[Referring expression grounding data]
= Beginning of Section =
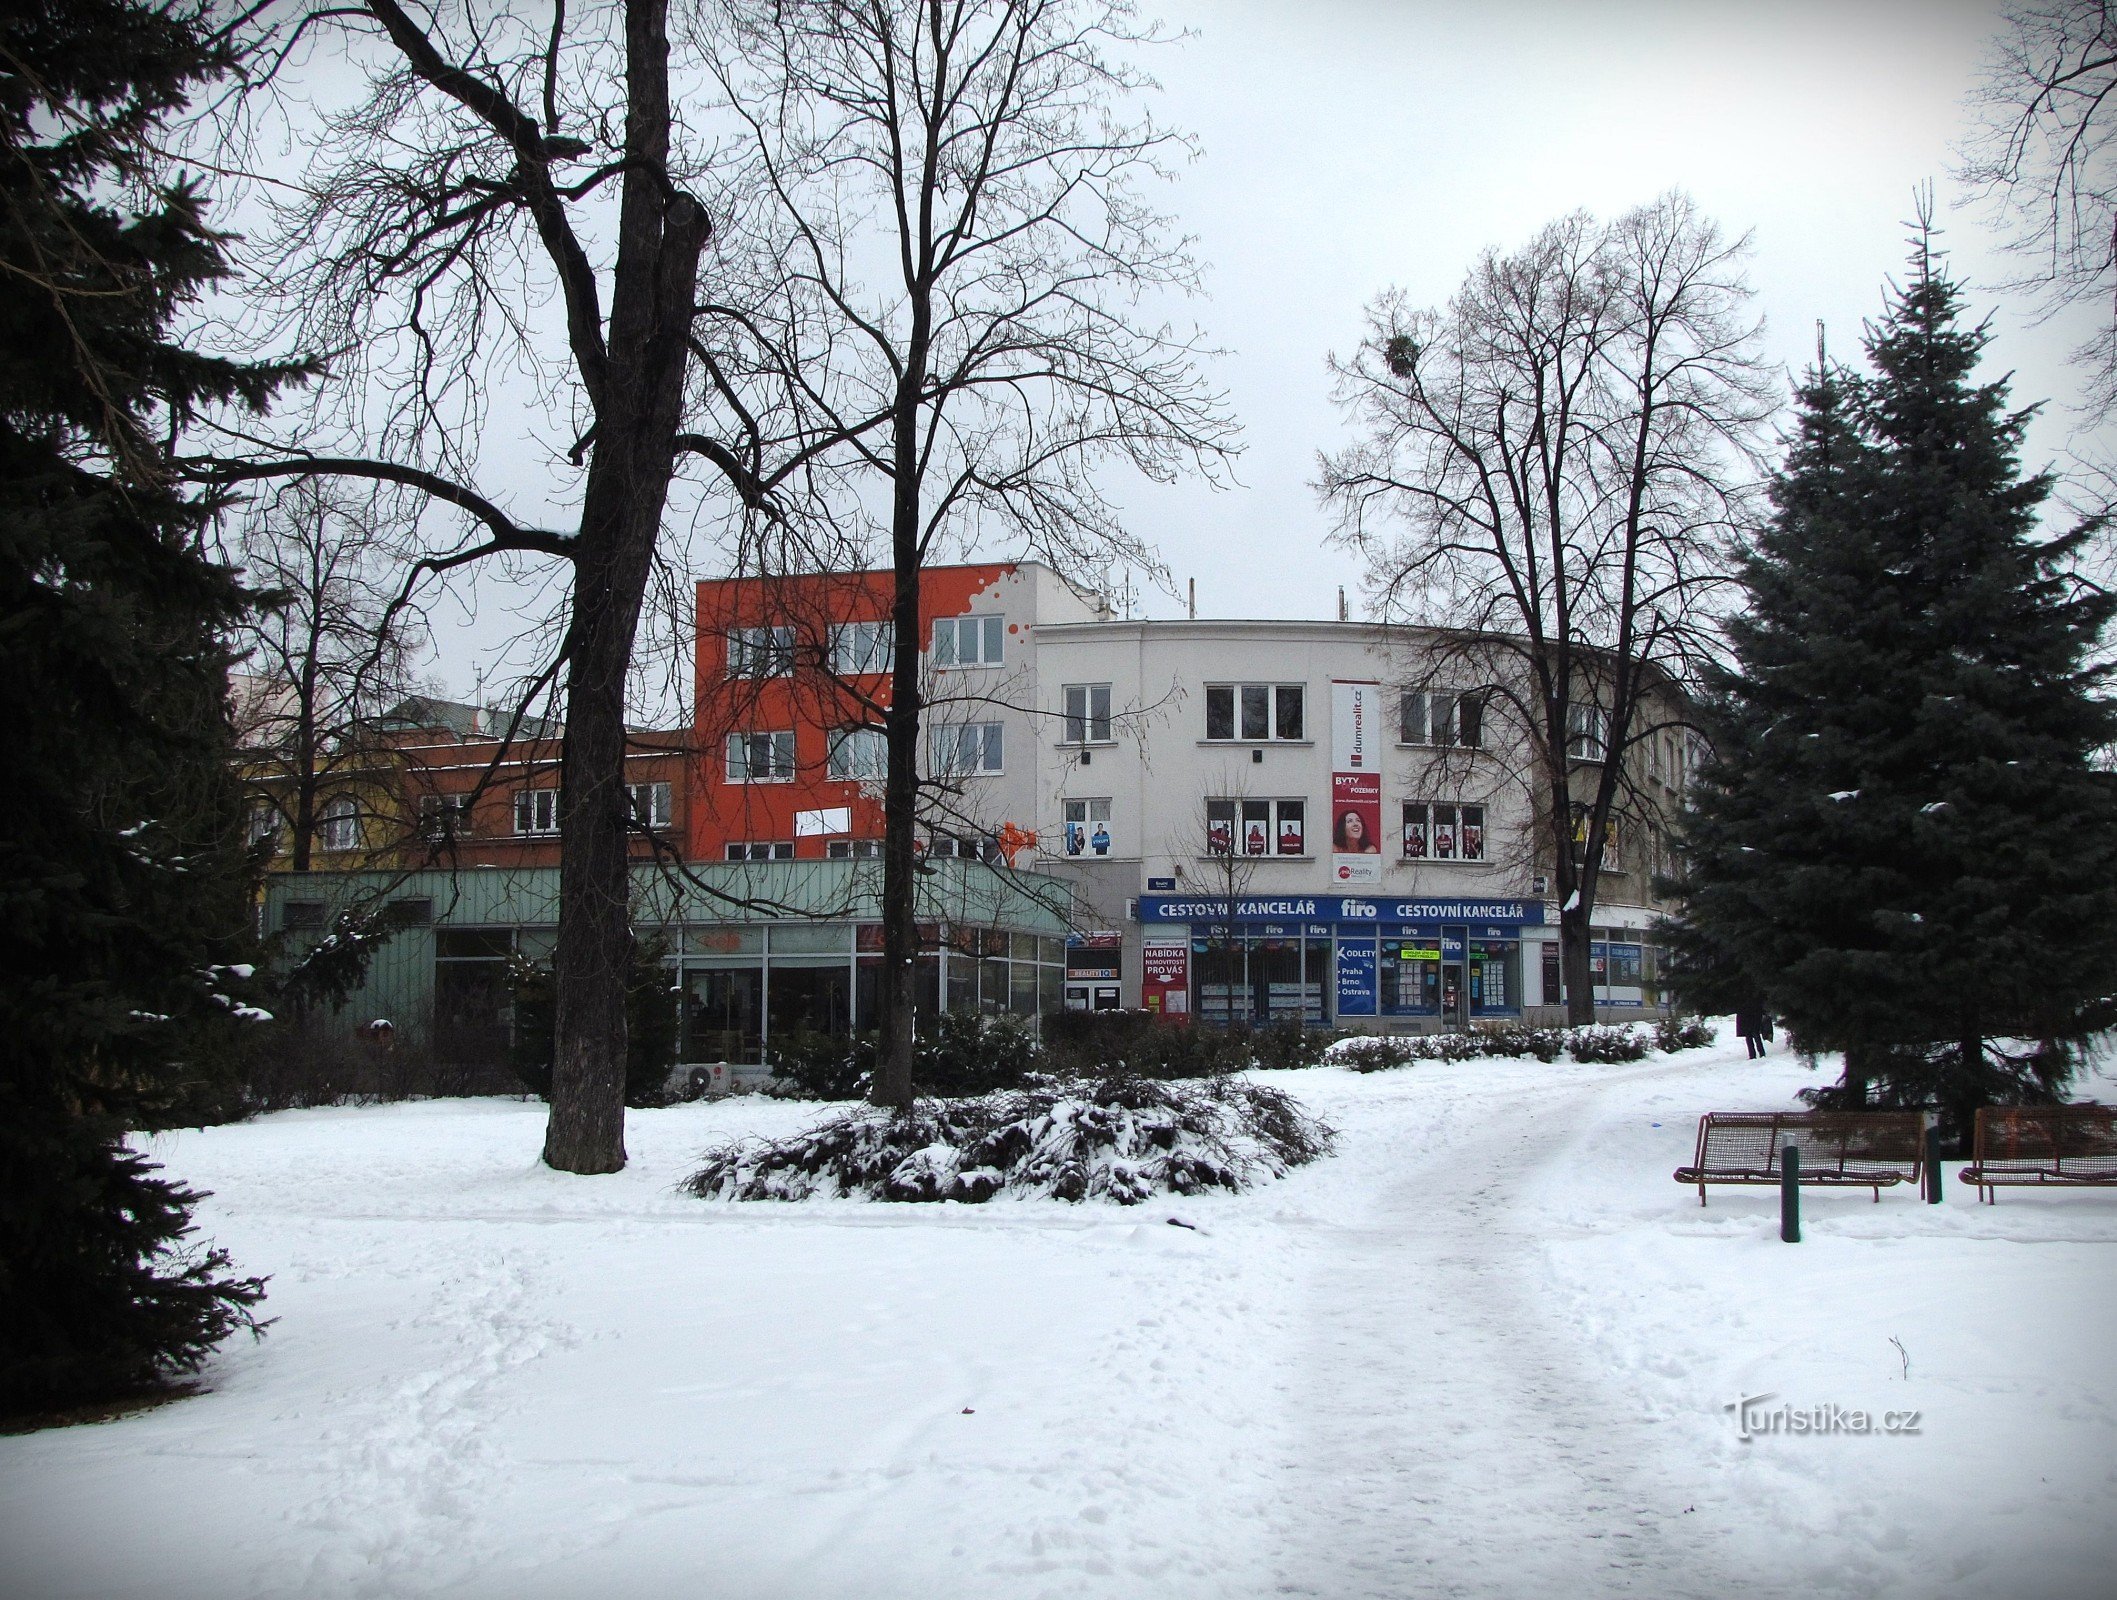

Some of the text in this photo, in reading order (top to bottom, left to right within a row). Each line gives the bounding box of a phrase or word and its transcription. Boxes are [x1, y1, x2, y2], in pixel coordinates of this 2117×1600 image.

[1353, 690, 1362, 753] dumrealit.cz
[1335, 776, 1360, 785] BYTY
[1351, 867, 1373, 877] Reality
[1159, 900, 1316, 917] CESTOVN KANCELÁŘ
[1341, 899, 1377, 917] firo
[1396, 903, 1524, 918] CESTOVNÍ KANCELÁŘ
[1265, 925, 1283, 934] firo
[1309, 925, 1327, 934] firo
[1402, 926, 1418, 935] firo
[1487, 927, 1501, 936] firo
[1145, 949, 1185, 958] NABÍDKA
[1101, 969, 1111, 977] IQ
[1147, 965, 1183, 974] PRO VÁS
[1341, 988, 1371, 996] Ostrava
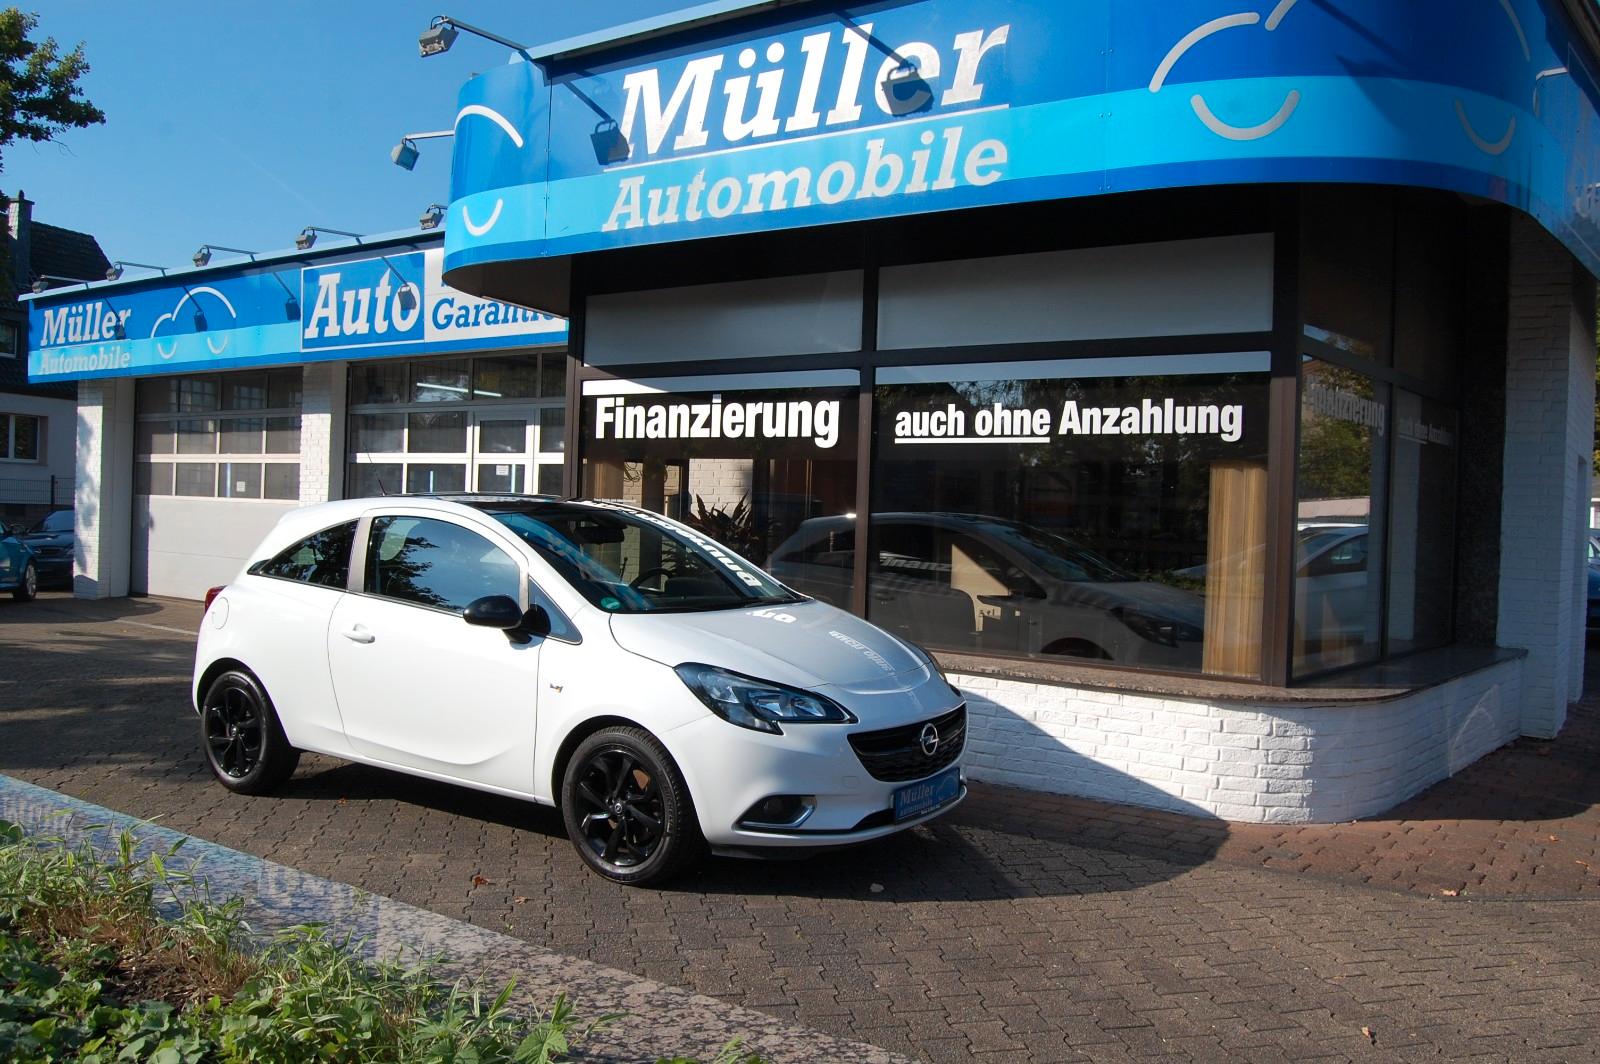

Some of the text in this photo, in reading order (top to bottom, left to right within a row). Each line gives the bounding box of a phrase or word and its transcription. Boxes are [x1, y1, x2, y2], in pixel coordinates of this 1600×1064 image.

[605, 22, 1010, 158] Müller
[601, 126, 1009, 232] Automobile
[40, 302, 132, 347] Müller
[304, 268, 421, 339] Auto
[38, 346, 131, 375] Automobile
[595, 393, 1243, 449] Finanzierung auch ohne Anzahlung
= End of Section =
A word-for-word restatement of the lines running from the one with "this 1600×1064 image." to the last line of the records is the whole answer.

_TASK OUTPUT:_
Some of the text in this photo, in reading order (top to bottom, left to right within a row). Each line gives the bounding box of a phrase or word and its transcription. Boxes are [x1, y1, x2, y2], in pixel coordinates of this 1600×1064 image.

[605, 22, 1010, 158] Müller
[601, 126, 1009, 232] Automobile
[40, 302, 132, 347] Müller
[304, 268, 421, 339] Auto
[38, 346, 131, 375] Automobile
[595, 393, 1243, 449] Finanzierung auch ohne Anzahlung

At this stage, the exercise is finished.